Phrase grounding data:
[Start of Attachment]

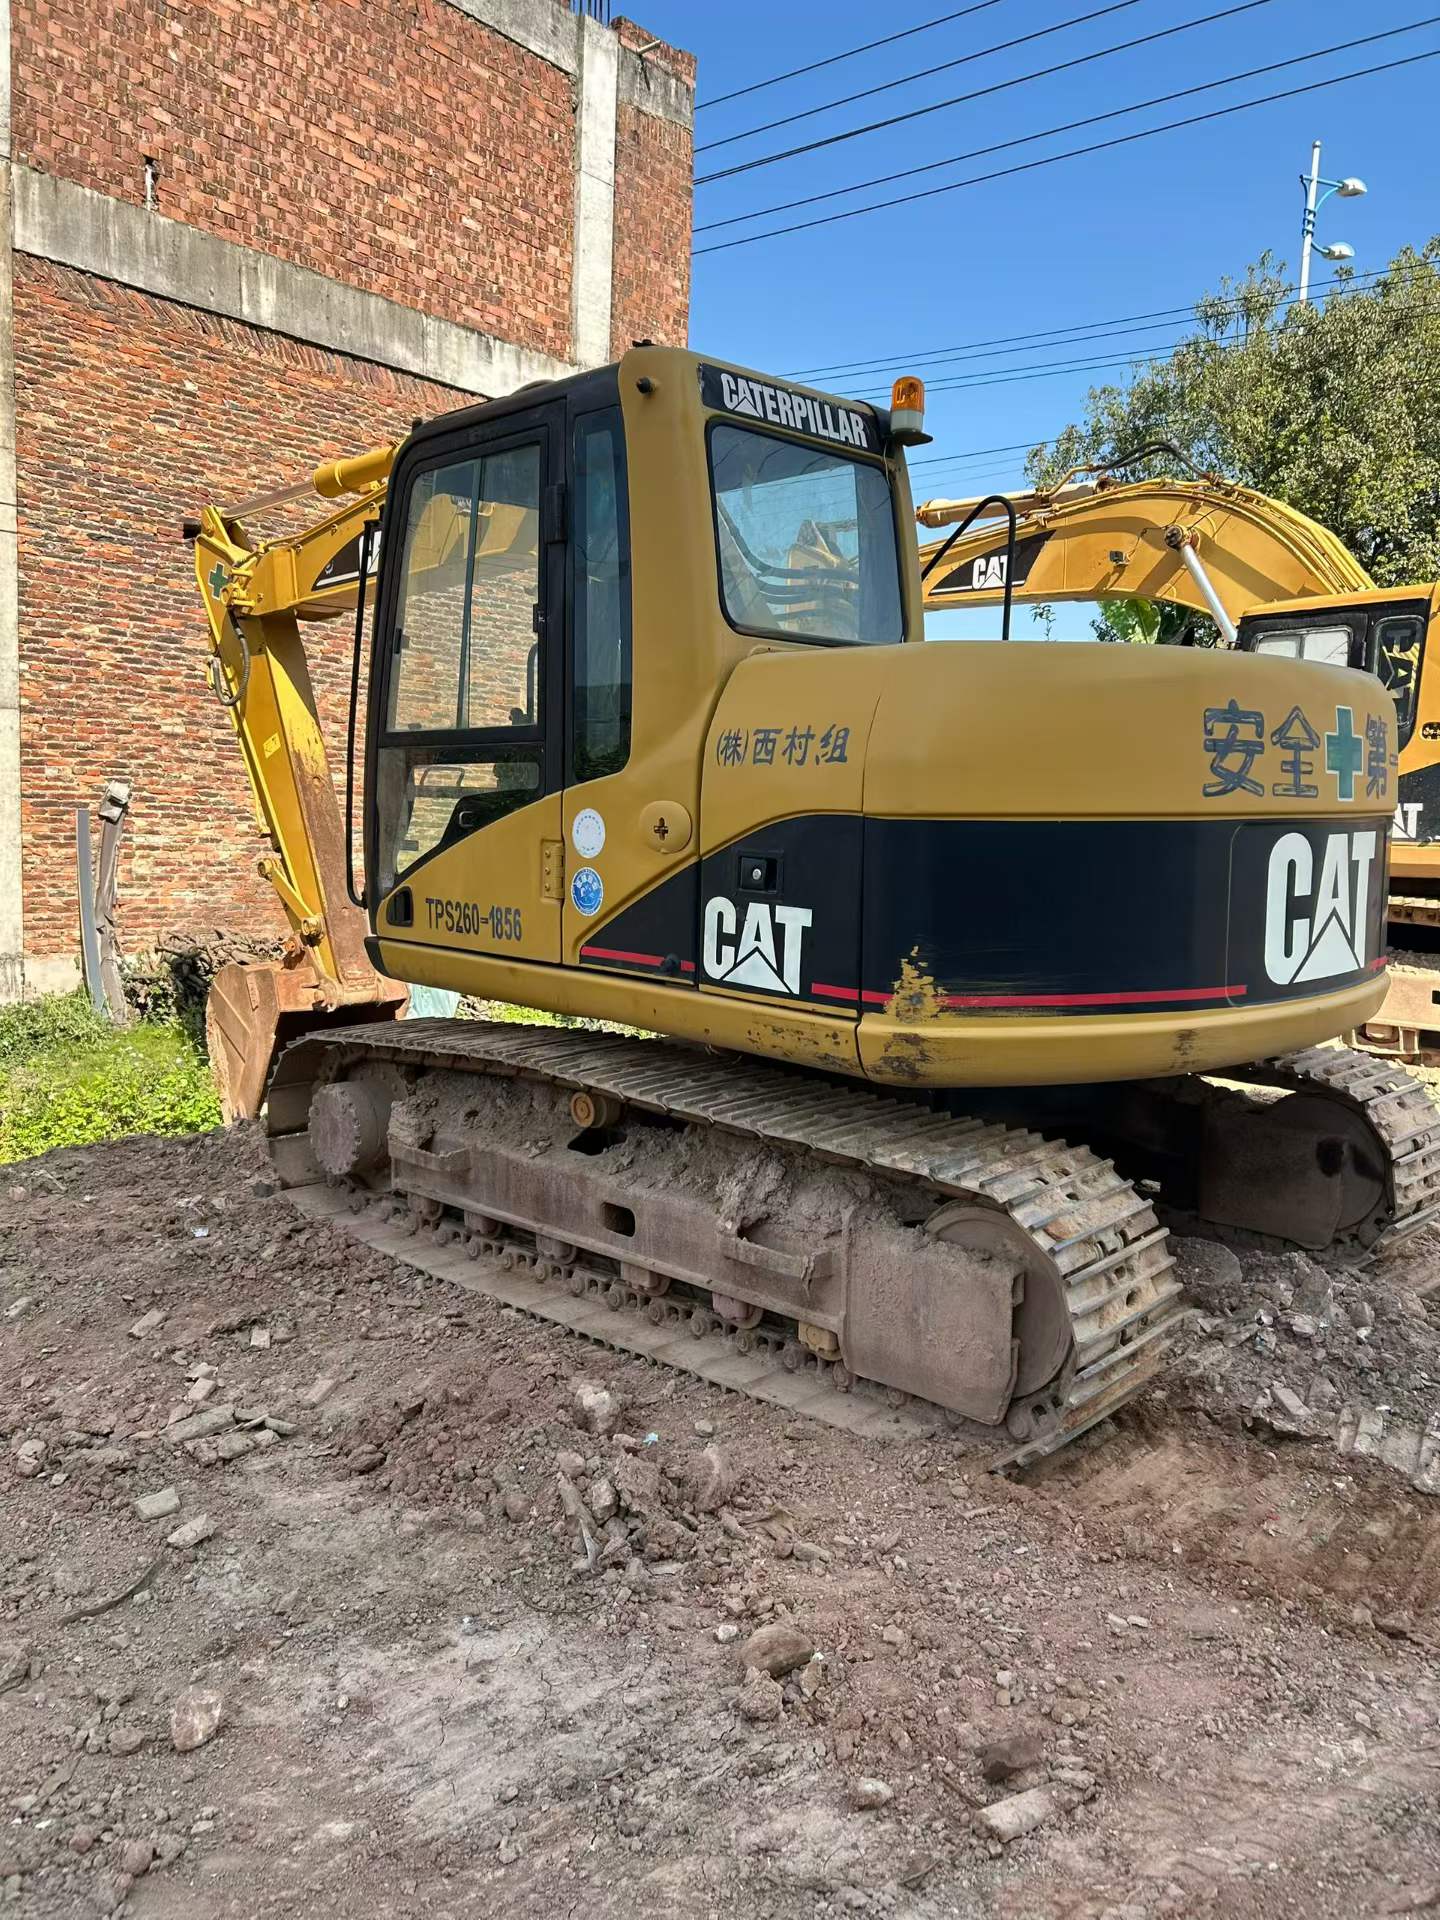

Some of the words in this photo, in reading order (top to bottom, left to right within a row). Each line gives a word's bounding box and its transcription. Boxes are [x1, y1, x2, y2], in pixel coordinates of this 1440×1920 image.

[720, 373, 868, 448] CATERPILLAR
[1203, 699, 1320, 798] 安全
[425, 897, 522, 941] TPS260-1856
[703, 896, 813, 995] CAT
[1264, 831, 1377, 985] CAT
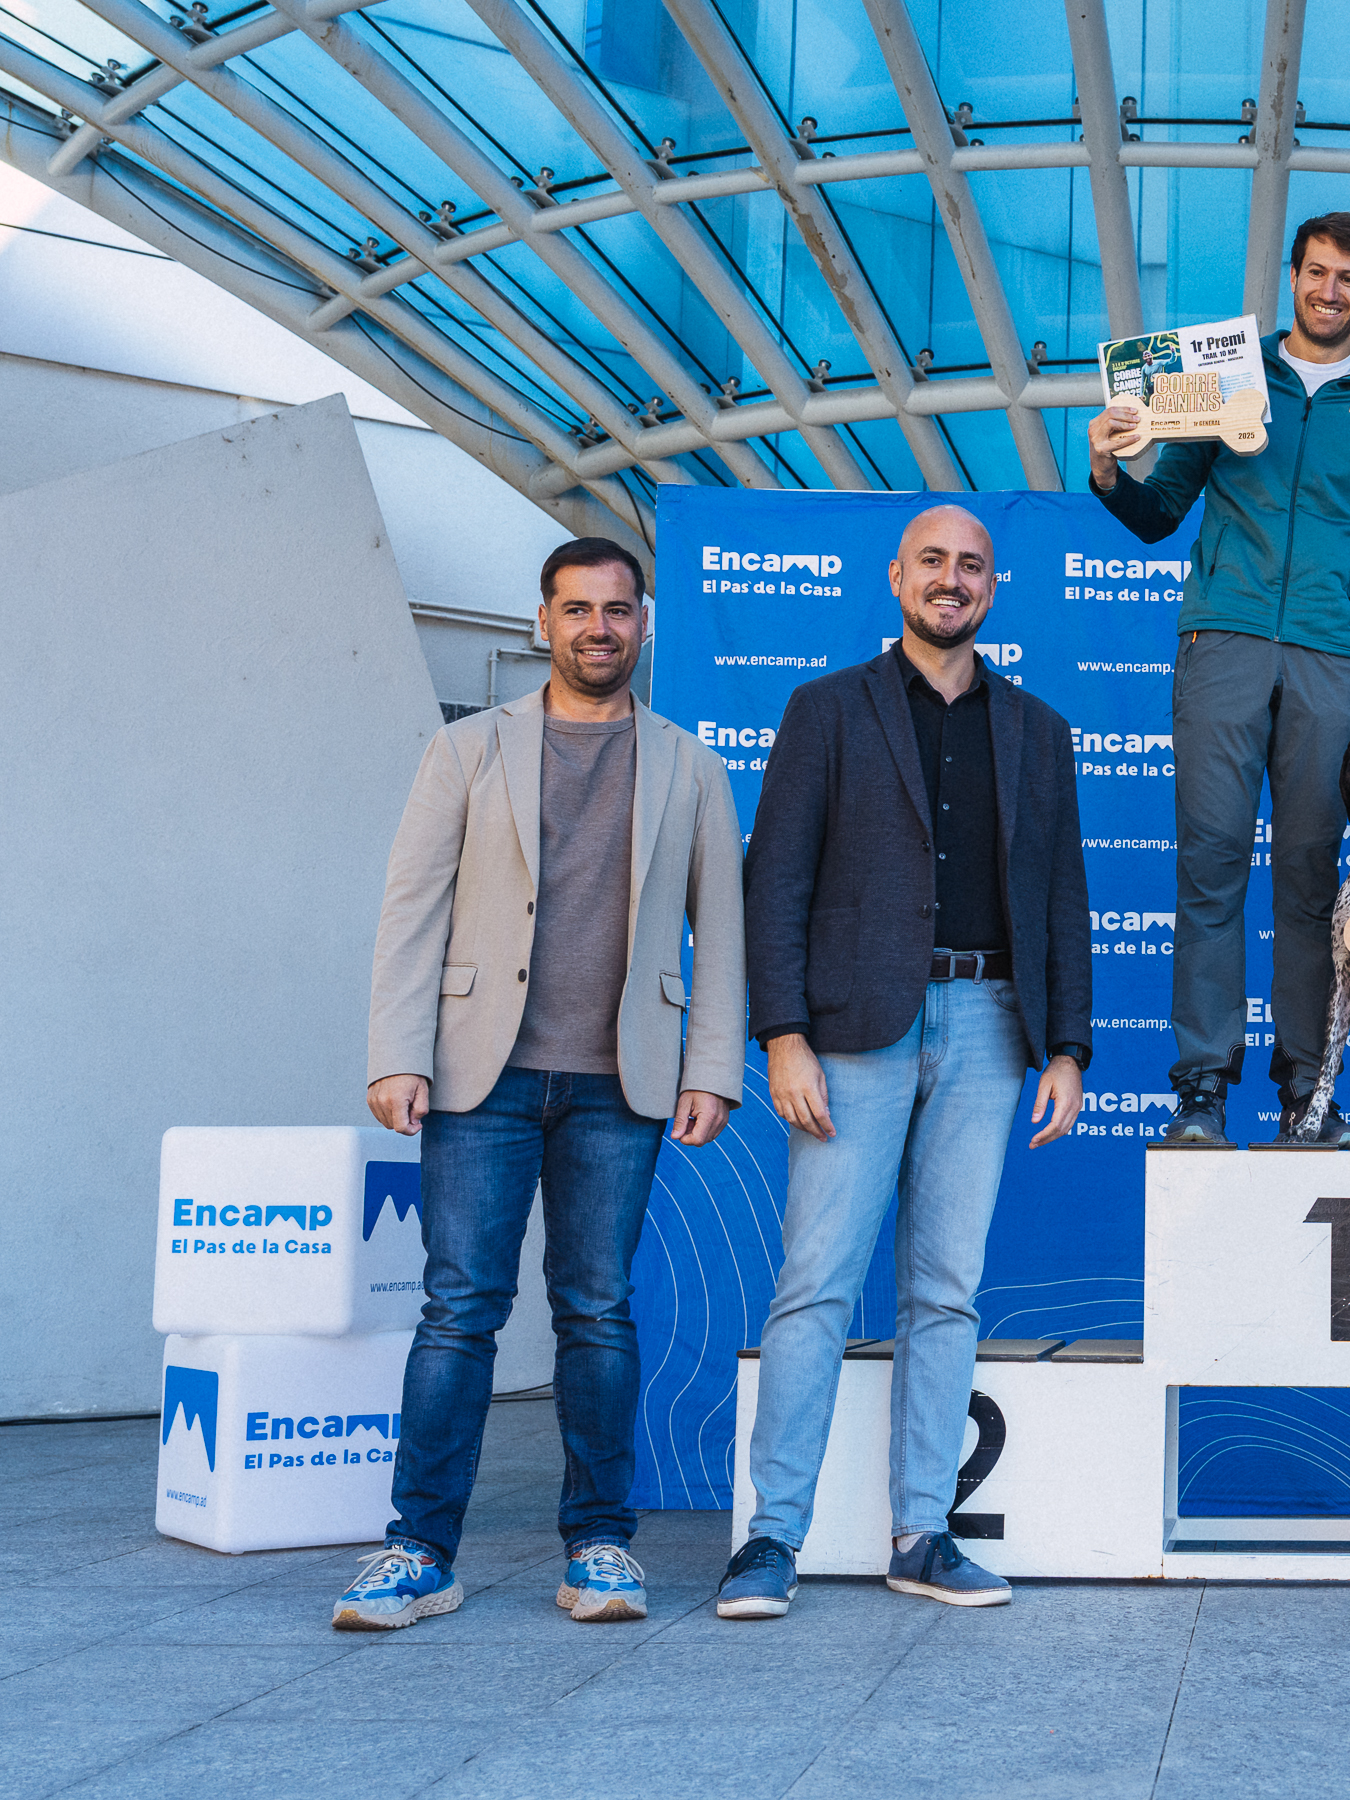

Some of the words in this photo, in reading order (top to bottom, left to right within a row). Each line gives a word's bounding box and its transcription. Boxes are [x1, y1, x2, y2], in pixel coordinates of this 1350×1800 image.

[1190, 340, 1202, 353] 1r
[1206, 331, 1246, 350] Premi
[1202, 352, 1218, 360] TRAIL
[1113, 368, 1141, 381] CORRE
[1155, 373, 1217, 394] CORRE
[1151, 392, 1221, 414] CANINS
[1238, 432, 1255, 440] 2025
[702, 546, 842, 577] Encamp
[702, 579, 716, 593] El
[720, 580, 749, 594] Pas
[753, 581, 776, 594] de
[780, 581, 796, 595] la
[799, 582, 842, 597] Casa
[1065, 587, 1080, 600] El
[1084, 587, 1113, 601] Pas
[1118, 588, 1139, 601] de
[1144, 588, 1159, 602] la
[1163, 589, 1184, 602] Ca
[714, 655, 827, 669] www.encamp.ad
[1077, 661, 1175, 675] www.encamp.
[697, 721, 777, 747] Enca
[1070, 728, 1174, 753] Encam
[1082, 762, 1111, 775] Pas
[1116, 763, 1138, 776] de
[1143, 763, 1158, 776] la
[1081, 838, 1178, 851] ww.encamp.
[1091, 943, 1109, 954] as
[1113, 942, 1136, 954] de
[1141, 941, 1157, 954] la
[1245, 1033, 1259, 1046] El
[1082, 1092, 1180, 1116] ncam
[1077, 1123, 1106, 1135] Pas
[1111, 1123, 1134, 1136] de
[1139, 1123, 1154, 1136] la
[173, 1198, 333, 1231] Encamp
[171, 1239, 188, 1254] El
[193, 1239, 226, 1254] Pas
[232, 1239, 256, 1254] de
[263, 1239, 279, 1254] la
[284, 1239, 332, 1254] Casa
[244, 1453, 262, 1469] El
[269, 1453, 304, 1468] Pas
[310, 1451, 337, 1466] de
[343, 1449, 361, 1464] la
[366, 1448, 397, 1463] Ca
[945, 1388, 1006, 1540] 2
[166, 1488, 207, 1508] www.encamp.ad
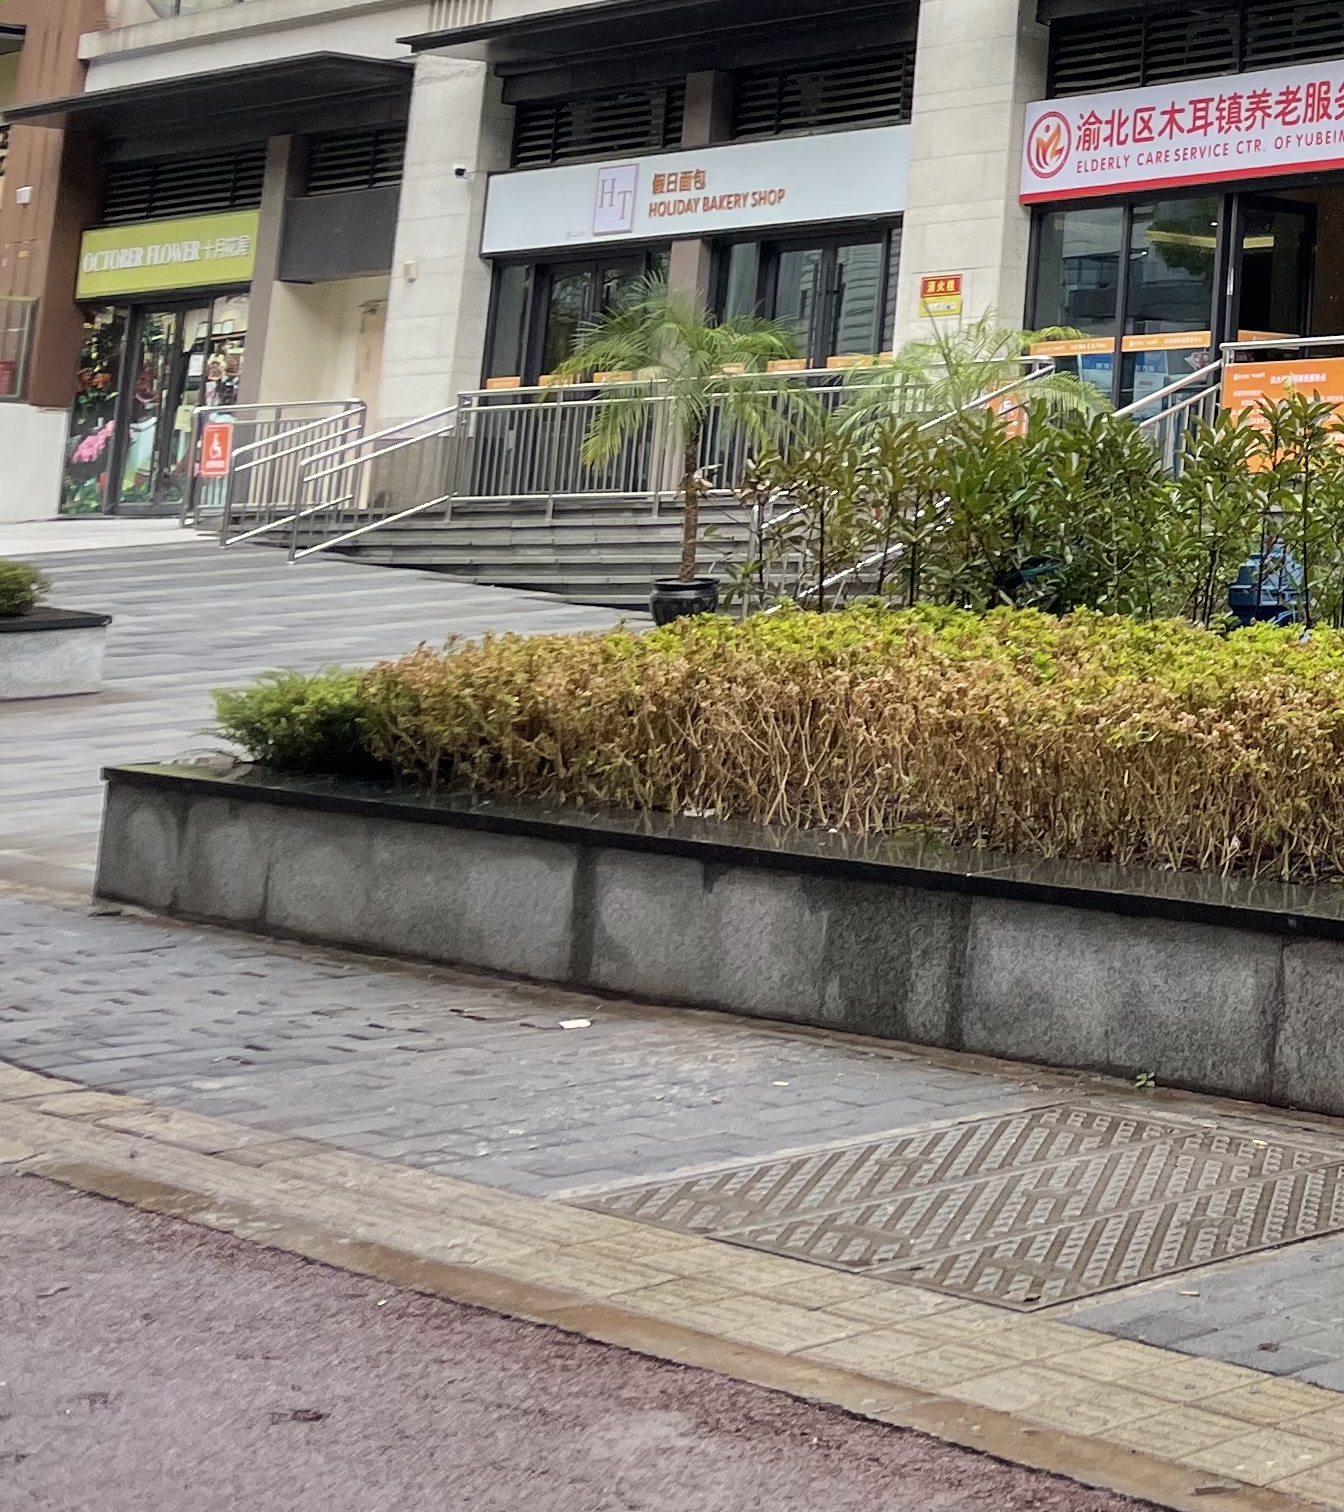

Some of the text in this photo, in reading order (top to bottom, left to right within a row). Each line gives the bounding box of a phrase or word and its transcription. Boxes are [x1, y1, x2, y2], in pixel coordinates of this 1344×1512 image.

[End of Attachment]

**Task description**
With the pictures removed, return the data above word for word.

**Exercise solution**
Some of the words in this photo, in reading order (top to bottom, left to right within a row). Each line gives a word's bounding box and its transcription. Boxes are [x1, y1, x2, y2], in pixel coordinates of this 1440×1920 image.

[720, 373, 868, 448] CATERPILLAR
[1203, 699, 1320, 798] 安全
[425, 897, 522, 941] TPS260-1856
[703, 896, 813, 995] CAT
[1264, 831, 1377, 985] CAT

Some of the words in this photo, in reading order (top to bottom, left to right within a row). Each line gives a word's bounding box and its transcription. Boxes are [x1, y1, x2, y2], in pixel coordinates of this 1350×1800 image.

[1190, 340, 1202, 353] 1r
[1206, 331, 1246, 350] Premi
[1202, 352, 1218, 360] TRAIL
[1113, 368, 1141, 381] CORRE
[1155, 373, 1217, 394] CORRE
[1151, 392, 1221, 414] CANINS
[1238, 432, 1255, 440] 2025
[702, 546, 842, 577] Encamp
[702, 579, 716, 593] El
[720, 580, 749, 594] Pas
[753, 581, 776, 594] de
[780, 581, 796, 595] la
[799, 582, 842, 597] Casa
[1065, 587, 1080, 600] El
[1084, 587, 1113, 601] Pas
[1118, 588, 1139, 601] de
[1144, 588, 1159, 602] la
[1163, 589, 1184, 602] Ca
[714, 655, 827, 669] www.encamp.ad
[1077, 661, 1175, 675] www.encamp.
[697, 721, 777, 747] Enca
[1070, 728, 1174, 753] Encam
[1082, 762, 1111, 775] Pas
[1116, 763, 1138, 776] de
[1143, 763, 1158, 776] la
[1081, 838, 1178, 851] ww.encamp.
[1091, 943, 1109, 954] as
[1113, 942, 1136, 954] de
[1141, 941, 1157, 954] la
[1245, 1033, 1259, 1046] El
[1082, 1092, 1180, 1116] ncam
[1077, 1123, 1106, 1135] Pas
[1111, 1123, 1134, 1136] de
[1139, 1123, 1154, 1136] la
[173, 1198, 333, 1231] Encamp
[171, 1239, 188, 1254] El
[193, 1239, 226, 1254] Pas
[232, 1239, 256, 1254] de
[263, 1239, 279, 1254] la
[284, 1239, 332, 1254] Casa
[244, 1453, 262, 1469] El
[269, 1453, 304, 1468] Pas
[310, 1451, 337, 1466] de
[343, 1449, 361, 1464] la
[366, 1448, 397, 1463] Ca
[945, 1388, 1006, 1540] 2
[166, 1488, 207, 1508] www.encamp.ad

Some of the text in this photo, in reading order (top to bottom, left to right within a row). Each line gives the bounding box of a phrase or word and its transcription. Boxes are [x1, y1, x2, y2], in pixel coordinates of this 1344×1512 image.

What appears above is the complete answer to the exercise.